2.  **Preprocessing**: Text is cleaned, sensitive info removed, and handled.
3.  **Embedding Generation (Optimization)**:
    *   Instead of generating embeddings on the fly for 1.3M+ records (which is slow), we use a **Pre-built Embedding Store** (`data/complaint_embeddings.parquet`).
    *   This file contains `(text_chunk, embedding_vector, metadata)` triplets.
4.  **Vector Store Construction**:
    *   We load the parquet file and build a **FAISS Index**.
    *   The index allows for millisecond-latency similarity search.
5.  **RAG Inference**:
    *   The application (`app.py`) loads this FAISS index.
    *   User Query -> Embedding -> FAISS Search -> Top-K Context -> LLM -> Answer.

### In This Notebook:
We specifically handle : Efficiently loading/building the FAISS index from the pre-built parquet file and verifying it works.

In [1]:
import sys
from pathlib import Path
import pandas as pd
import numpy as np
import matplotlib.pyplot as plt
import seaborn as sns

# allow imports from project root
project_root = Path.cwd().parent
sys.path.insert(0, str(project_root))

from src import config
config.setup_hf_cache()

from src import vectorstore
from src.chunking import get_chunk_stats

plt.style.use('seaborn-v0_8-whitegrid')
print("✓ Imports and setup complete!")

[OK] HuggingFace cache set to: c:\Users\Acer\Documents\KAIM_PROJECT\TEST\rag-complaint-chatbot\models\hf




✓ Imports and setup complete!


## 1. Efficient Vector Store Loading

In production, we often avoid re-indexing 1.3M records by loading a pre-persisted FAISS index or building it from raw embeddings in batches.

In [2]:
print(f"Vector store path: {config.VECTOR_STORE_DIR}")
print(f"Pre-built embeddings: {config.PREBUILT_EMBEDDINGS_PATH}")
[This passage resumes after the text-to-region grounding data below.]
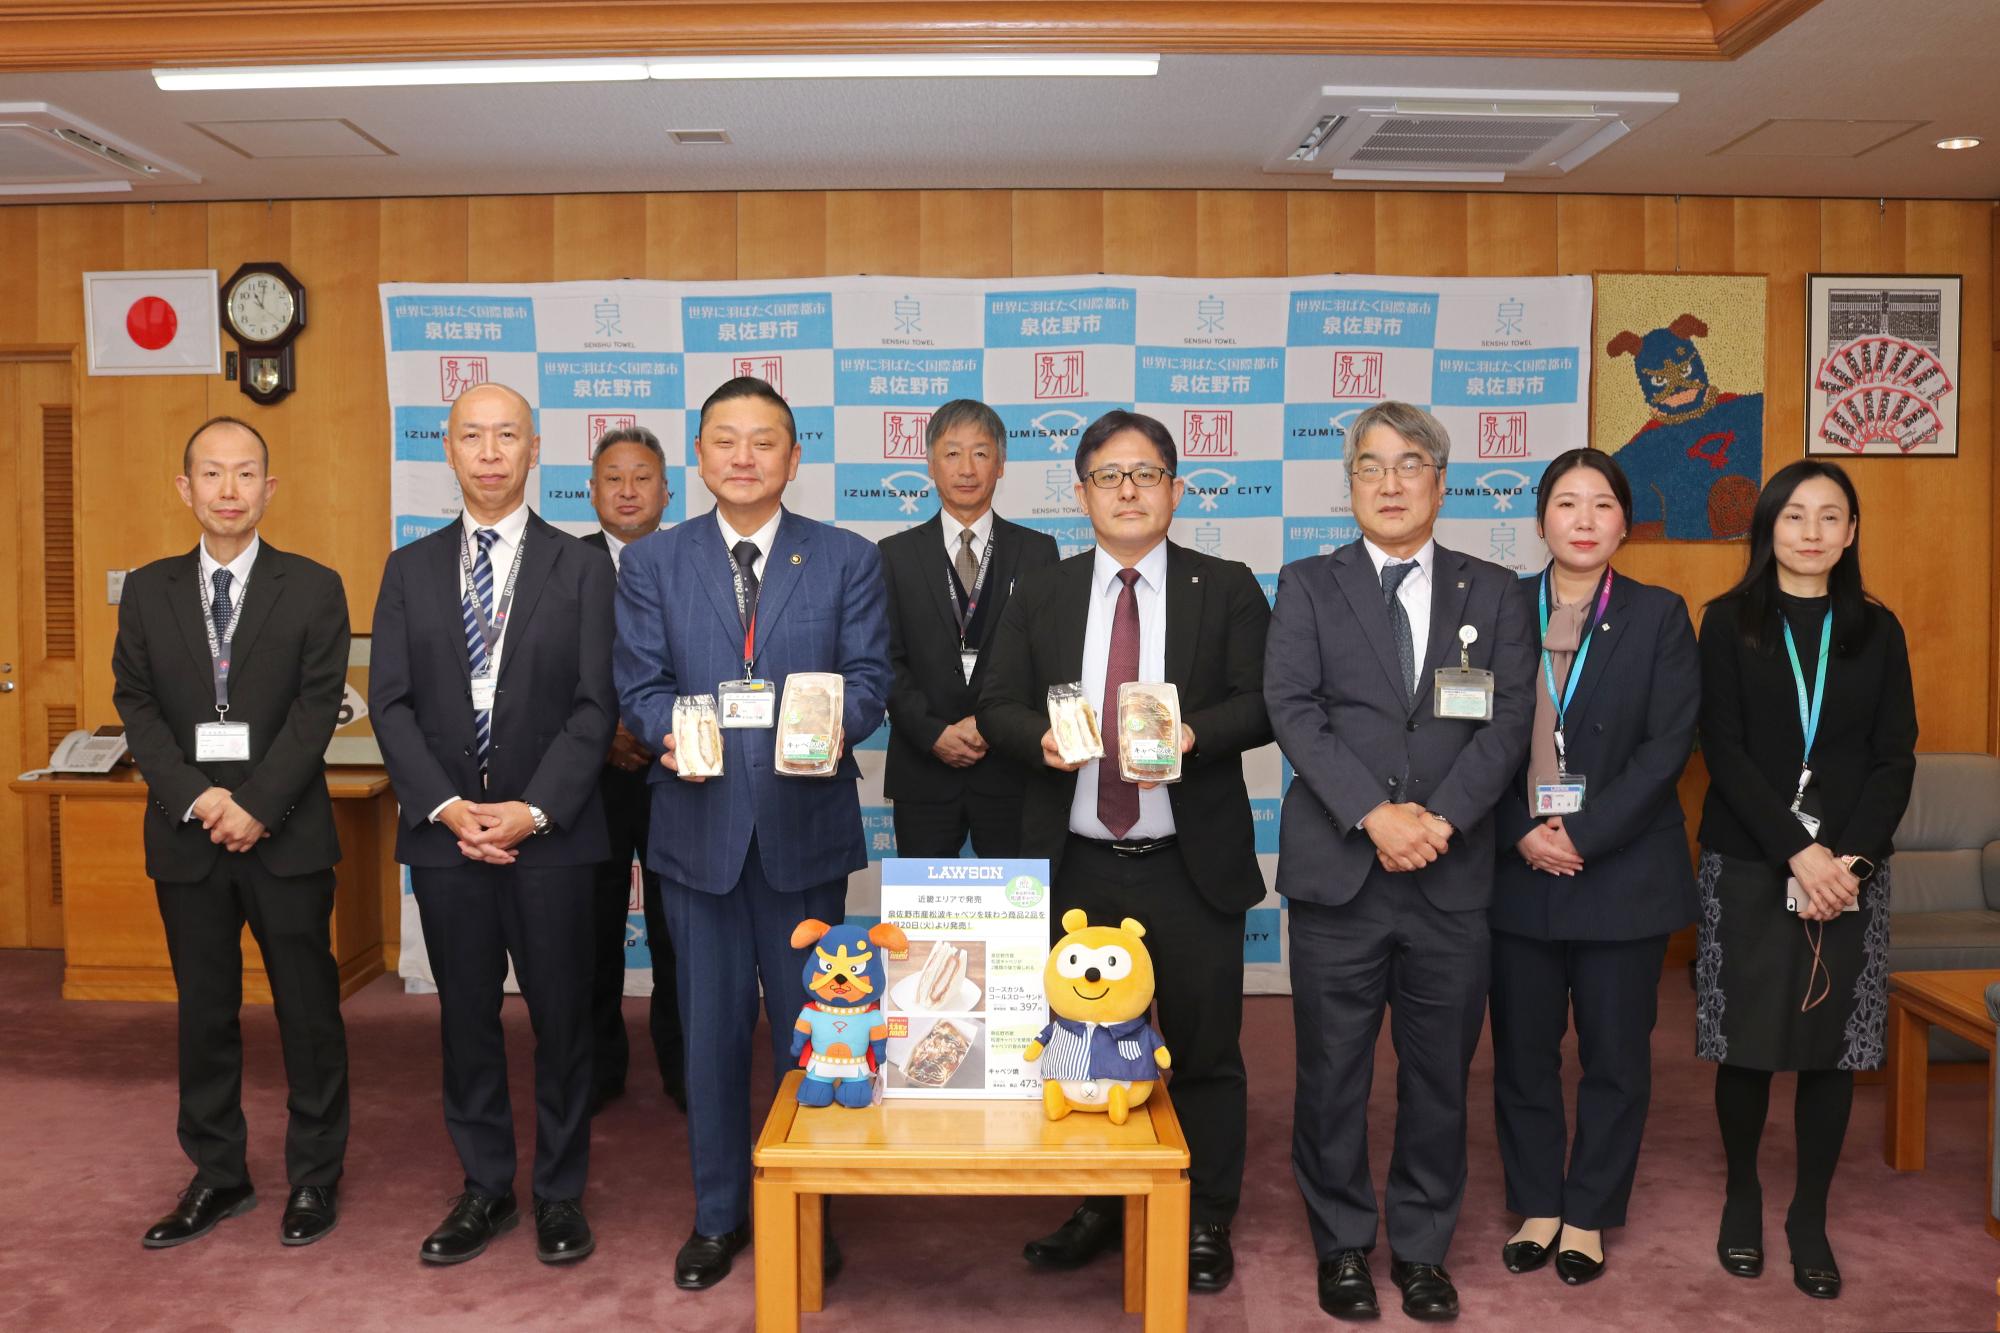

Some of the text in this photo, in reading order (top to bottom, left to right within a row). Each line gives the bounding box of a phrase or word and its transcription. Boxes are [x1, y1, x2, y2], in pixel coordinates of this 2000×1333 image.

[396, 305, 528, 318] 世界に羽ばたく国際都市
[688, 302, 825, 318] 世界に羽ばたく国際都市
[992, 298, 1129, 314] 世界に羽ばたく国際都市
[1296, 300, 1432, 315] 世界に羽ばたく国際都市
[426, 322, 502, 340] 泉佐野市
[718, 320, 798, 340] 泉佐野市
[1020, 315, 1102, 336] 泉佐野市
[1323, 316, 1402, 335] 泉佐野市
[544, 362, 678, 376] 世界に羽ばたく国際都市
[840, 358, 976, 373] 世界に羽ばたく国際都市
[1142, 356, 1278, 370] 世界に羽ばたく国際都市
[1440, 357, 1572, 372] 世界に羽ばたく国際都市
[574, 379, 652, 398] 泉佐野市
[870, 376, 950, 396] 泉佐野市
[1170, 375, 1250, 394] 泉佐野市
[1466, 376, 1544, 396] 泉佐野市
[800, 432, 823, 440] ITY
[1009, 428, 1079, 438] UMISANO
[1292, 428, 1344, 436] IZUMIS
[844, 490, 928, 498] IZUMISANO
[1185, 486, 1272, 495] SANO CITY
[1445, 488, 1523, 496] ZUMISANO
[976, 545, 994, 590] IZUMISANO CITY
[505, 559, 520, 597] IZUMISANO
[733, 575, 742, 593] EXPO
[469, 590, 480, 608] 2025
[206, 620, 215, 638] EXPO
[209, 638, 219, 657] 2025
[928, 866, 1003, 880] LAWSON
[918, 895, 982, 904] 近畿エリアで発売
[888, 910, 1046, 919] 泉佐野市産松波キャベツを味わう商品2品を
[1246, 933, 1269, 941] ITY
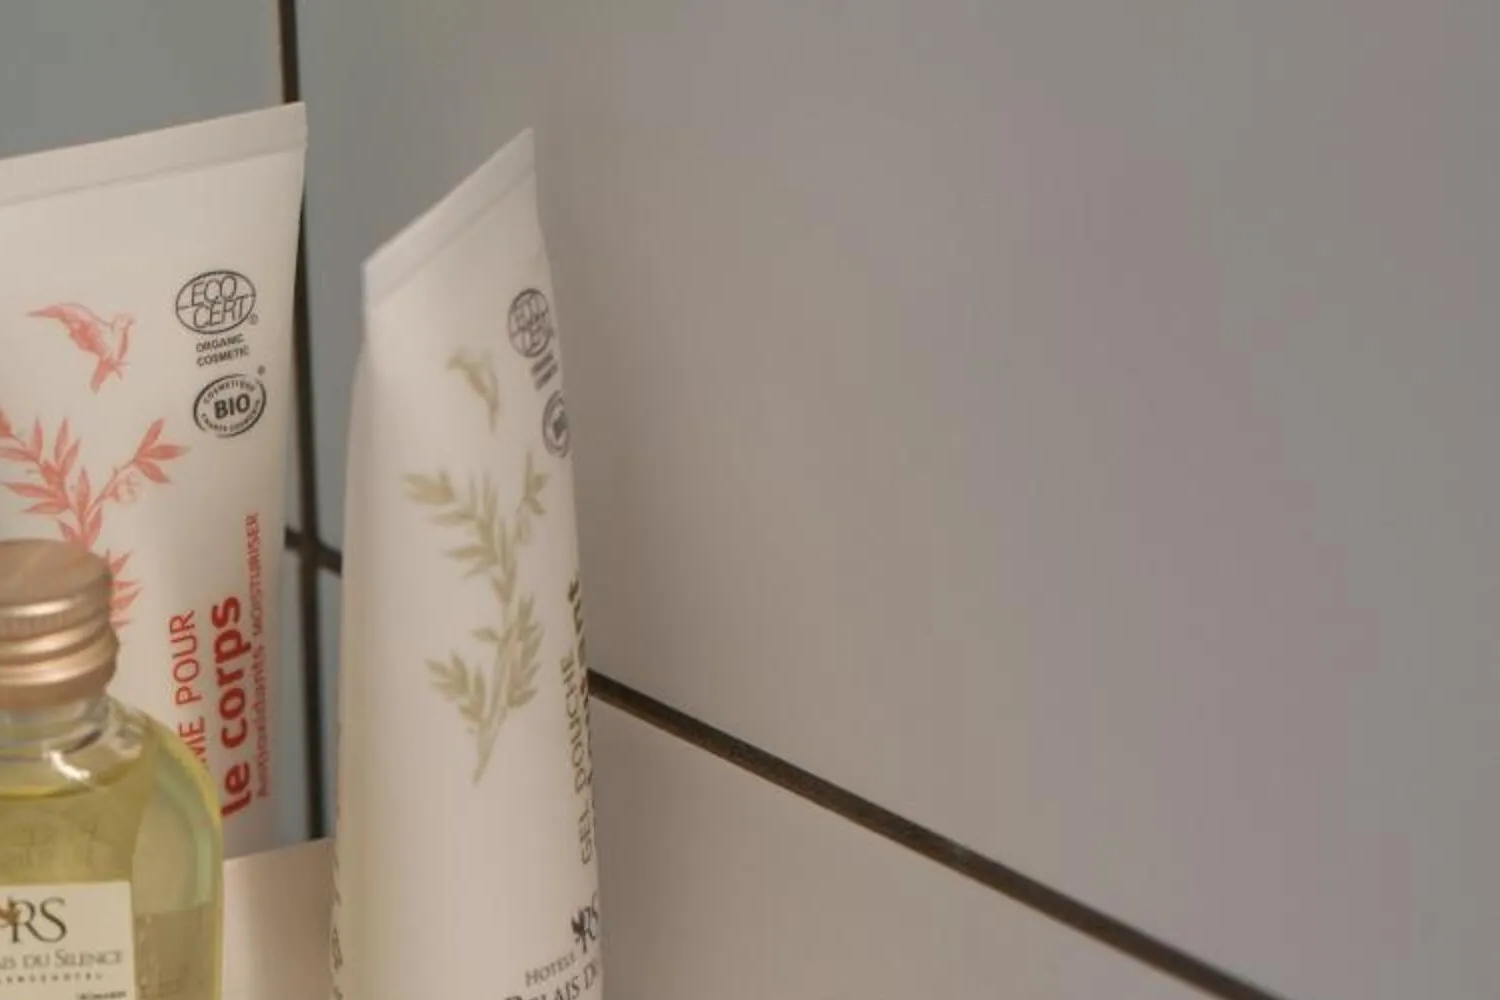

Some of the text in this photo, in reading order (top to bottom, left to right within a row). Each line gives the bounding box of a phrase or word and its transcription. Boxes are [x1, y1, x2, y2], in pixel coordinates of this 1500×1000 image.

[191, 274, 237, 307] ECO
[193, 296, 245, 328] CERT
[196, 333, 245, 353] ORGANIC
[196, 346, 250, 368] COSMETIC
[214, 393, 250, 419] BIO
[245, 512, 263, 637] MOISTURISER
[169, 608, 203, 706] POUR
[211, 596, 252, 818] le corps
[561, 656, 586, 794] DOUCHE
[6, 896, 68, 944] RS
[22, 953, 50, 970] DU
[54, 948, 123, 969] SILENCE
# Load existing or build from parquet
# Set force_rebuild=True to ensure we use the pre-built parquet file if needed
vs = vectorstore.load_vector_store(force_rebuild=False)
print(f"\n✓ Vector store active with {vs.index.ntotal:,} vectors.")

Vector store path: c:\Users\Acer\Documents\KAIM_PROJECT\TEST\rag-complaint-chatbot\vector_store\faiss
Pre-built embeddings: c:\Users\Acer\Documents\KAIM_PROJECT\TEST\rag-complaint-chatbot\data\complaint_embeddings.parquet
Loading embedding model: sentence-transformers/all-MiniLM-L6-v2
  (First run will download ~80MB to c:\Users\Acer\Documents\KAIM_PROJECT\TEST\rag-complaint-chatbot\models\hf)
[OK] Embedding model loaded
Loading existing FAISS index from c:\Users\Acer\Documents\KAIM_PROJECT\TEST\rag-complaint-chatbot\vector_store\faiss...
[OK] Vector store loaded (ntotal=1,375,327)

✓ Vector store active with 1,375,327 vectors.


## 2. Verification through Semantic Search

We test the index with a sample query to ensure retrieval is functional and metadata is correctly preserved.

In [3]:
query = "I lost my credit card and there are fraudulent charges"
results = vectorstore.search_similar(vs, query, k=3)

vectorstore.print_search_results(results, query)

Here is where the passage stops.